Spending cap, deficit projection, limit options for budget
The legislature’s budget-writing committee is expected to make few major changes Thursday as it reports out Gov. Dannel P. Malloy’s $20.7 billion proposal for the fiscal year that starts July 1, finding itself largely constrained by the constitutional spending cap and a projected deficit 15 months away.
“We’ve tried to fix any of the holes we think we see in the budget, but we’re trying very hard not to go too far from the governor’s bottom line,” said Sen. Toni N. Harp, D-New Haven, co-chairwoman of the Appropriations Committee. “With the cap, it’s going to be tight.”
That’s because the plan Malloy unveiled Feb. 8 fell just $5.9 million under the cap, based on administration numbers, a cushion of just 1/35th of 1 percent.
The governor and legislature left an even smaller gap of $1 million when they adopted the current budget last spring. And though the administration remains under the cap with just three months left in the fiscal year, Malloy has had to order emergency spending cuts in response to cost overruns in more than a half-dozen agencies.
One major area where the Appropriations Committee budget could differ from Malloy’s is on changes to a Medicaid program that serves about 74,000 poor adults without minor children, according to both Harp and the panel’s other co-chairwoman, Rep. Toni E. Walker, D-New Haven. The administration is counting on the changes to save $22.5 million in the coming fiscal year.
The state began the program, known as Medicaid for Low-Income Adults, or LIA, in 2010. Enrollment grew faster than officials had predicted, rising by 60 percent between June 2010 and August 2011, although it has since been relatively stable. The program’s costs also grew faster than expected; it was responsible for a $139 million shortfall last fiscal year.

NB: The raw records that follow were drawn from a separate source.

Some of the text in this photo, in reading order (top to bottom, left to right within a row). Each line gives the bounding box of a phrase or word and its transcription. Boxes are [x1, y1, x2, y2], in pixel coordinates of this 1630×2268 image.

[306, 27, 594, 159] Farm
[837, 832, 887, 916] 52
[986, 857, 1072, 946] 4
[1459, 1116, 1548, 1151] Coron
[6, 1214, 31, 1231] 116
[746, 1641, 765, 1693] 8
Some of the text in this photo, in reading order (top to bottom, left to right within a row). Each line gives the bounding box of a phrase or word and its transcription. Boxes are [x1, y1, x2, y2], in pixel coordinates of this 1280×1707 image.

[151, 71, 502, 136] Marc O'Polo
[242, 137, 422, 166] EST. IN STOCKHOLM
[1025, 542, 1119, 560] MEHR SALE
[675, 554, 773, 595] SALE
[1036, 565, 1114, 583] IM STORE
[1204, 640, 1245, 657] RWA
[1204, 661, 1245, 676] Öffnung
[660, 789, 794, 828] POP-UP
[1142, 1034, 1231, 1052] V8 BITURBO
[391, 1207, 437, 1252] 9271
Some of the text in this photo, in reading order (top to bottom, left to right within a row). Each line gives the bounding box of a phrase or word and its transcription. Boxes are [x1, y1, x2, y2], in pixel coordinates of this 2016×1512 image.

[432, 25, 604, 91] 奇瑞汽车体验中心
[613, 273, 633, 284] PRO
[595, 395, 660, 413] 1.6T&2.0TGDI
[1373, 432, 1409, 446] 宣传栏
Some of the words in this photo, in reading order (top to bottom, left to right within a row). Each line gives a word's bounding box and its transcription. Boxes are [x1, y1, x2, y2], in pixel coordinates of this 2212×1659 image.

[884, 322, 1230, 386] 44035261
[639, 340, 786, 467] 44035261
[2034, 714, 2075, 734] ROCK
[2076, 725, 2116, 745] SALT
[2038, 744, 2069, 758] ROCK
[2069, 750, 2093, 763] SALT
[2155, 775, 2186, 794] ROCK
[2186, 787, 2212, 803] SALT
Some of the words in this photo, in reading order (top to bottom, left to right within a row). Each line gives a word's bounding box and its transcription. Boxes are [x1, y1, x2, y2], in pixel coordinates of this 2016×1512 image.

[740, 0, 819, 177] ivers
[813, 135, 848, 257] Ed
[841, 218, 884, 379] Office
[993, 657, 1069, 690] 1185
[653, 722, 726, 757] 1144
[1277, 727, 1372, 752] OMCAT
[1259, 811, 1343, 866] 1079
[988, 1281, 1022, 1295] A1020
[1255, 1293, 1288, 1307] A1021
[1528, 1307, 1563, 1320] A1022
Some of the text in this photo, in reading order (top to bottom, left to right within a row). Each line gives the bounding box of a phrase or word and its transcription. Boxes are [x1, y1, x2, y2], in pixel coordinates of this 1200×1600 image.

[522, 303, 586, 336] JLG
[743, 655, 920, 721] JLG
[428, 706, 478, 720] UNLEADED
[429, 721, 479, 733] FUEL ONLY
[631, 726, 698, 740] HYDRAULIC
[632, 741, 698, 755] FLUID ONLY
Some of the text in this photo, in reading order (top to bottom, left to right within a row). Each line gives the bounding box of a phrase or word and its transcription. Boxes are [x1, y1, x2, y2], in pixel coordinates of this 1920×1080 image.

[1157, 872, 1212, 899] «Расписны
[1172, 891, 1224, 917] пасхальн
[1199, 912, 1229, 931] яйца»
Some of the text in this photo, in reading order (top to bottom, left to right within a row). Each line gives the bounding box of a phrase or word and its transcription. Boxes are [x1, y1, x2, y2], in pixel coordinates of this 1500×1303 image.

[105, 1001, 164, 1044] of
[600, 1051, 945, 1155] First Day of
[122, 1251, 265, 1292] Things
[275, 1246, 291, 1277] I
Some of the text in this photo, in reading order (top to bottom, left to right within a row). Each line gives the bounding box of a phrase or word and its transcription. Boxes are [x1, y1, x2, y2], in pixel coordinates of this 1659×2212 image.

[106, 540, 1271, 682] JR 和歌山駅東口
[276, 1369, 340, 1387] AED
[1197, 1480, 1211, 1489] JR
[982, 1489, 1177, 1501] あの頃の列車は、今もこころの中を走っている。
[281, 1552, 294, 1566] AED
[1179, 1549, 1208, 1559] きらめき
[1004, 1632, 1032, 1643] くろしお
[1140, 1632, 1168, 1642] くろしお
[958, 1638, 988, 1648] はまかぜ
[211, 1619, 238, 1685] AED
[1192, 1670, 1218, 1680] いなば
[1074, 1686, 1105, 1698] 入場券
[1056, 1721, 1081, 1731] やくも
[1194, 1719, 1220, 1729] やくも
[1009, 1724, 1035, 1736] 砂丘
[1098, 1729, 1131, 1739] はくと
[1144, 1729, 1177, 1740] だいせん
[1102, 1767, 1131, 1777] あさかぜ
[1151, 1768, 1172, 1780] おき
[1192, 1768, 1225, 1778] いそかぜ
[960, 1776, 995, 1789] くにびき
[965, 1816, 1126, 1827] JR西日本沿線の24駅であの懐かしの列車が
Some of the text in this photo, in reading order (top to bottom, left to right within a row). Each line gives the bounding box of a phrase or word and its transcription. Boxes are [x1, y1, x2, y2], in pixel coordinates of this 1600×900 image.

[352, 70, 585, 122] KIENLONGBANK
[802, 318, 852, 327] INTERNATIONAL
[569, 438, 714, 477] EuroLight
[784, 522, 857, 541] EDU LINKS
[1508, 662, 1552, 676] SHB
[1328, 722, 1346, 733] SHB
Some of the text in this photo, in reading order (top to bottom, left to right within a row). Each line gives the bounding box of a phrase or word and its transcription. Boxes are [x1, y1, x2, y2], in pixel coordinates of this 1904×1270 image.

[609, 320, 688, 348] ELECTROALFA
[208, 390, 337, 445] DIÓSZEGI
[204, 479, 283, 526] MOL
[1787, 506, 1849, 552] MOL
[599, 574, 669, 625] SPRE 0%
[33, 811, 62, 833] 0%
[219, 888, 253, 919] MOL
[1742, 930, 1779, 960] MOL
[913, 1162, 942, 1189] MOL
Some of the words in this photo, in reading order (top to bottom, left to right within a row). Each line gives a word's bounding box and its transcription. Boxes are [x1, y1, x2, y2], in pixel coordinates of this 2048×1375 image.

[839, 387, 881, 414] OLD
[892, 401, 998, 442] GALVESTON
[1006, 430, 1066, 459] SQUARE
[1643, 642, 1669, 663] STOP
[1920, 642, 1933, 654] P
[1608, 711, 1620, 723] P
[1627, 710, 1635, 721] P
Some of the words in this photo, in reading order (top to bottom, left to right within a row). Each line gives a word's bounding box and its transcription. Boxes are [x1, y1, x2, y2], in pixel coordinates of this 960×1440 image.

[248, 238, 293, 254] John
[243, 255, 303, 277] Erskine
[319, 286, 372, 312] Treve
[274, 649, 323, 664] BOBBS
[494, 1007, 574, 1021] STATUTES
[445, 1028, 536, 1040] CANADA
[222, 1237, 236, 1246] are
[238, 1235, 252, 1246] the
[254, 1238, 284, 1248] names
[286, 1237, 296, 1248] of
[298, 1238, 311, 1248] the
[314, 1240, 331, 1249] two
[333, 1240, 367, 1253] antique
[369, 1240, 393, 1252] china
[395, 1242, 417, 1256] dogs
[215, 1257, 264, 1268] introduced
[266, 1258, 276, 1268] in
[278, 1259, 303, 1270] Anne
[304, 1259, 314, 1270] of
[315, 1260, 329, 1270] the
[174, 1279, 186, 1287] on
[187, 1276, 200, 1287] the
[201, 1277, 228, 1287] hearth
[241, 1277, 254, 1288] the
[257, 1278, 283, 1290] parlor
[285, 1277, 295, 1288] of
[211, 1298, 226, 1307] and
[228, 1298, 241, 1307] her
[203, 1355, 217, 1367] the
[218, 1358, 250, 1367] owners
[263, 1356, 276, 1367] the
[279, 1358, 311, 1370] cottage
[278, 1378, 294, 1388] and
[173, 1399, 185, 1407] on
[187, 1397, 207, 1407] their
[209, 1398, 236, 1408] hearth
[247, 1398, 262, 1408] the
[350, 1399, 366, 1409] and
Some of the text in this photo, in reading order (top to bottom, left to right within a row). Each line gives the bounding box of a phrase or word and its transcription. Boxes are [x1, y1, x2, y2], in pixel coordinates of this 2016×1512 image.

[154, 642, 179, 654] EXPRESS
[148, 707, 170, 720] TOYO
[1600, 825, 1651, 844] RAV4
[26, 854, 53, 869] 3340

Malloy’s budget proposal calls for restricting eligibility for the program and scaling back benefits. People would be eligible only if they have assets below $25,000, excluding a house and car; currently, there is no asset limit. For applicants under 26 who live with their parents or are being claimed as dependents, family income and assets would be taken into account in determining eligibility.
The administration hasn’t specified how benefits would be adjusted, but in a “concept paper” sent to federal officials last fall, Department of Social Services officials said the changes could include limiting nursing home coverage to 90 days per admission and restricting the number of outpatient hospital visits, non-emergency emergency room visits, occupational, physical and speech therapy services and home health visits.
But Harp and Walker have expressed skepticism about the proposed changes, questioning whether the restrictions are needed since DSS is not over budget. Harp has also said that the people served by the program are likely those who were previously served by other state programs and are more effectively covered through Medicaid.
“It was a savings we weren’t sure we could count on,” Walker said this week of the administration’s $22.5 million projection. And even though the Appropriations panel will recommend restoring those funds, Walker added she expects the issue will remain a topic of discussion as legislative leaders and administration officials negotiate a final budget package in the coming weeks.
The regular 2012 General Assembly session is scheduled to adjourn May 9.
Office of Policy and Management Secretary Benjamin Barnes, Malloy’s budget director, has said it appears that Medicaid LIA is covering people with limited income but high levels of assets — such as well-off retirees — and young adults who could be on their parents’ insurance. But critics of the proposed changes have said they could increase the number of people without health insurance in the state, and that reducing Medicaid benefits would set a dangerous precedent and weaken a much-needed program.
The budgetary impact of Medicaid LIA is expected to be short-lived — at least, if the federal health reform law doesn’t get struck down by the U.S. Supreme Court. Because the state created Medicaid LIA to expand coverage after the health law passed, the federal government will pay the full cost of the program beginning in 2014. Eventually, the state will be responsible for 10 percent of the program’s cost. Currently, the federal government and state each pay half.
To make the changes Malloy proposed, the state must get permission from the federal Centers for Medicare and Medicaid Services, and any application to do so must be approved by key legislative committees, including Appropriations.
Though Medicaid LIA likely will be altered in the committee plan, lawmakers are expected to back the governor’s other major initiatives, including bolstering payments into the state employee pension fund and increasing education cost-sharing grants to cities and towns by a total of $50 million.
Malloy would pay for the extra spending largely by consuming what is left of the nearly $555 million fiscal cushion he and legislators built into the preliminary 2012-13 budget adopted last spring. But the plan does rely on more than $8 million in new revenue to be generated by allowing Sunday liquor sales.
The governor’s proposal also has raised concerns among some lawmakers from both parties because the administration’s own projections show it to be in balance only for one year.
In 2013-14, that package would run $424 million in the red, and $650 million over the spending cap. But Malloy officials have been quick to note that there is plenty of time to address that problem in the regular 2013 session, which begins next January.
Republican leaders have argued that Malloy is setting a fiscal pace that far exceeds Connecticut’s slow-moving economic recovery.